Ces éléments n’ont jamais été remis par la défenderesse.
La SAS LM BURO est dès lors bien fondée à solliciter la condamnation de la SAS APL à lui payer la somme de 5 610 Euros HT, outre TVA en vigueur au jour du jugement en remboursement des honoraires versés en 2020 sans contrepartie.
Cette somme portera intérêts au taux légal à compter du 1er janvier 2020, avec capitalisation des intérêts.
En réponse, la société APL laisse entendre qu’il ne serait pas démontré que la société LM BURO aurait réglé ces honoraires.
Cet argument n’est qu’une allégation de pure opportunité : il n’a jamais été remis en cause les règlements effectués par la concluante.
Les échanges entre les parties produits par la société LM BURO évoquent cette question des honoraires, sans jamais que la société APL ne réponde qu’elle n’aurait rien reçu.
Ainsi, par exemple, la société LM BURO écrivait à la société APL dans son courrier électronique du 21 décembre 2020 : « pour rappel, la lettre de mission de 2016 est d’un montant de 5 660 € et la prestation réglée à ce jour est de 4 274,40 € (reste le dernier trimestre sur lequel vous refusez de travailler ».
Lorsque la société APL tentait d’établir une demande en injonction de payer devant le tribunal de commerce, elle se prévalait d’un solde de factures impayées, qui correspondait au montant de sa surfacturation et non à des prétendus impayés du montant de la lettre de mission.
Mais surtout, le, [Localité 7] livre fournisseur provisoire 2020, établi par la société APL pour les besoins de la procédure, fait état des règlements effectués par la société LM BURO à son profit.
La défenderesse est d’une grande mauvaise foi à tenter de prétendre qu’il ne serait pas justifié des règlements et cet argument ne saura convaincre le tribunal.
En tout état de cause, pour éteindre ce faux débat, la concluante verse aux débats ses relevés bancaires, justifiant de la réalité des virements effectués au profit de la société APL.
3.2. Au titre du surcroit d’imposition sur les sociétés
En raison des erreurs comptables commises par la SAS APL, ainsi que le fait valoir l’expert judiciaire dans son rapport définitif, la société LM BURO s’est trouvée à devoir payer une somme au titre de l’impôt sur les sociétés d’un montant de 9 105,54 Euros pour l’année fiscale 2020.

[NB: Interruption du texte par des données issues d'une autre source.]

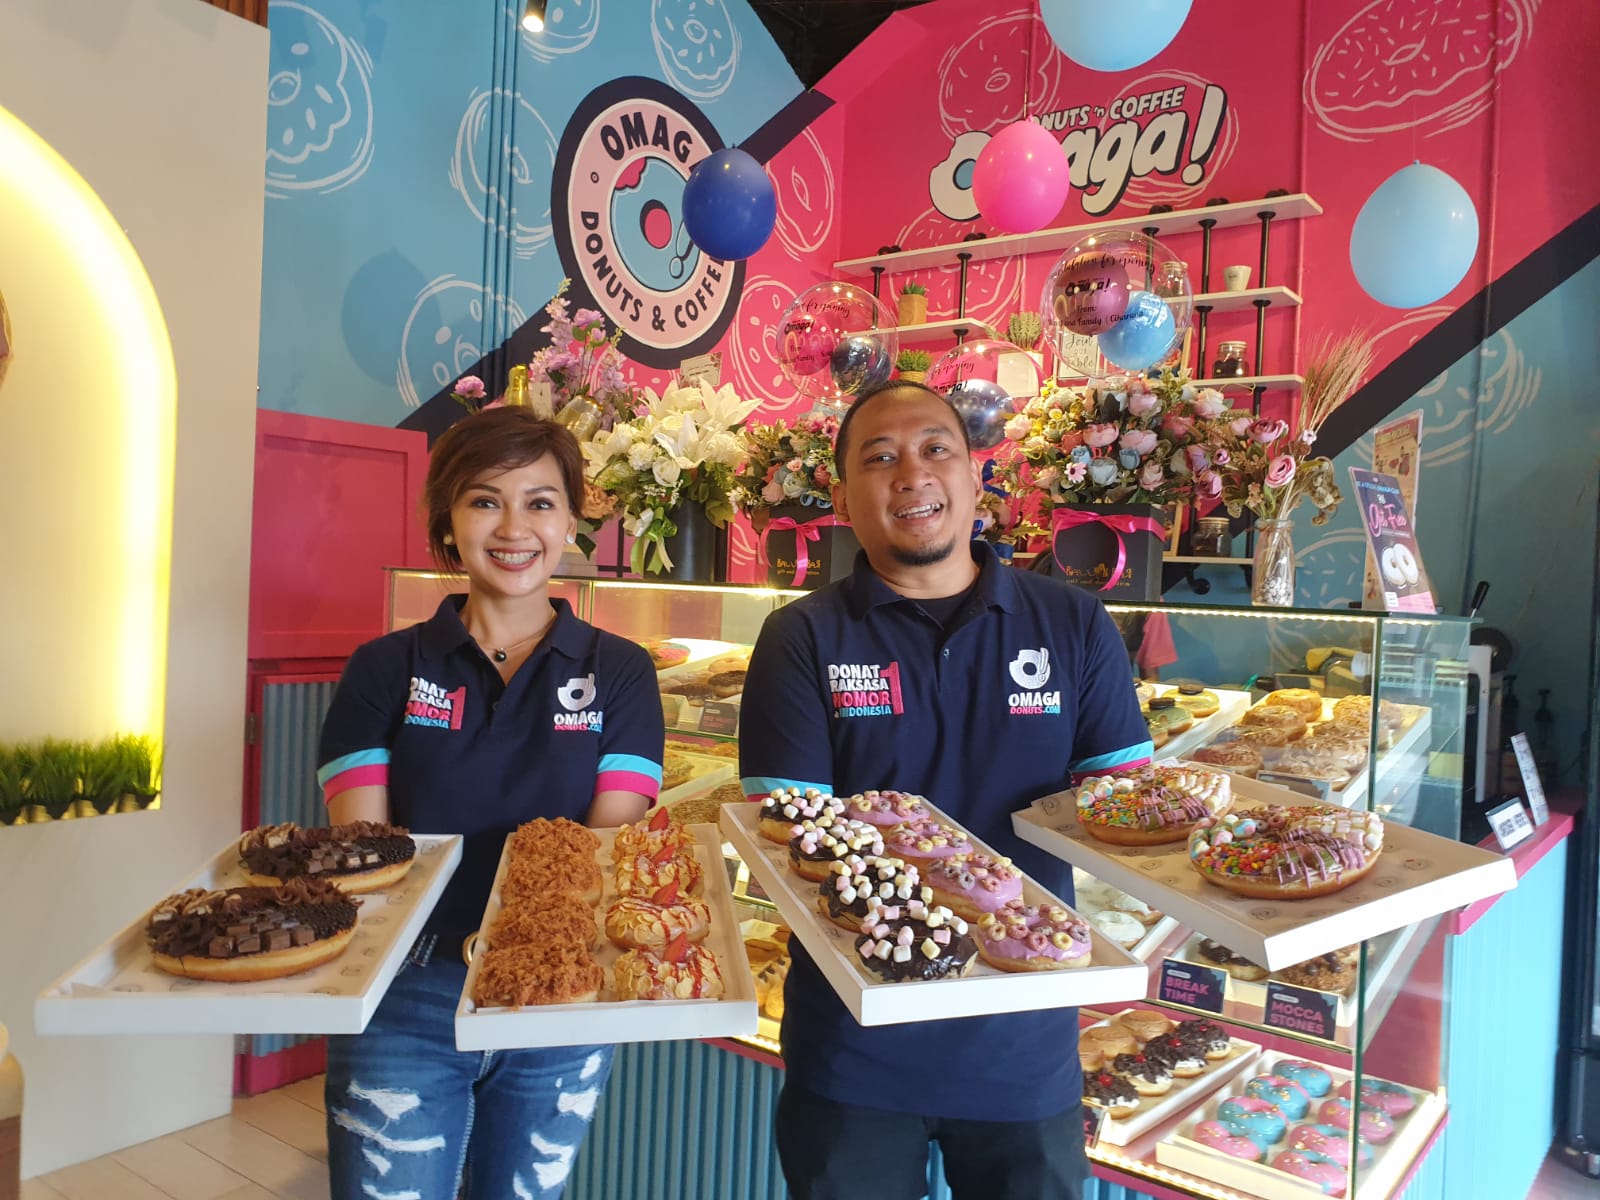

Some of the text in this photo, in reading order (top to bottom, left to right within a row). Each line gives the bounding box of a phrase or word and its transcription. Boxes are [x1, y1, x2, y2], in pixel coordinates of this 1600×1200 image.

[1109, 86, 1186, 120] COFFEE
[600, 111, 701, 174] OMAG
[580, 210, 643, 322] DONUTS
[651, 305, 666, 332] &
[827, 664, 880, 679] DONAT
[829, 678, 889, 692] RAKSASA
[832, 661, 904, 714] NOMOR 1
[446, 686, 466, 730] 1
[1008, 691, 1060, 707] OMAGA
[1165, 987, 1196, 1003] TIME
[1166, 976, 1209, 995] BREAK
[1272, 1001, 1323, 1022] MOCCA
[1270, 1013, 1325, 1034] STONES

La SAS LM BURO est donc bien fondée à solliciter la condamnation de la SAS APL à lui payer la somme de 9 105,54 Euros en réparation des conséquences des erreurs comptables qu’elle a commis.
Cette somme portera intérêts au taux légal à compter du 1er janvier 2020, avec capitalisation des intérêts.
La société APL se contente de faire valoir que cette somme ne pourrait être retenue au titre du préjudice subi, sans apporter la moindre démonstration.
Le rapport d’expertise judiciaire a été explicite sur ce point et la démonstration du préjudice subi par la société LM BURO a parfaitement été exposée par celui-ci.
3.3. Les dommages-intérêts
La résiliation du contrat résulte des manquements de la société APL.
La société LM BURO s’est trouvée brutalement sans comptabilité et sans pouvoir transmettre les documents légalement sollicités (comptes sociaux, déclarations fiscales, déclarations sociales).
La société APL a également procédé à une rétention fautive des documents comptables de la société LM BURO.
La société LM BURO a donc dû effectuer en urgence sa propre comptabilité et chercher un autre cabinet comptable susceptible de l’assister.
La société LM BURO a vu sa trésorerie impactée par un surcroit d’impôt.
Elle a entamé de très nombreuses démarches auprès de la société APL, de l’ordre des experts comptables, sur le plan judiciaire ; ces démarches étant chronophages et sources de tracasseries.
La société LM BURO est donc bien fondée à solliciter la condamnation de la SAS APL à lui payer la somme de 10 000 euros de dommages-intérêts en réparation du préjudice subi.
Cette somme se justifie au vu des manquements causés par la société APL 72 et de la mauvaise foi constante de cette dernière dans sa relation avec la société LM BURO.
Un certain nombre de frais, direct ou indirect, résulte donc de l’attitude non professionnelle de la SAS APL.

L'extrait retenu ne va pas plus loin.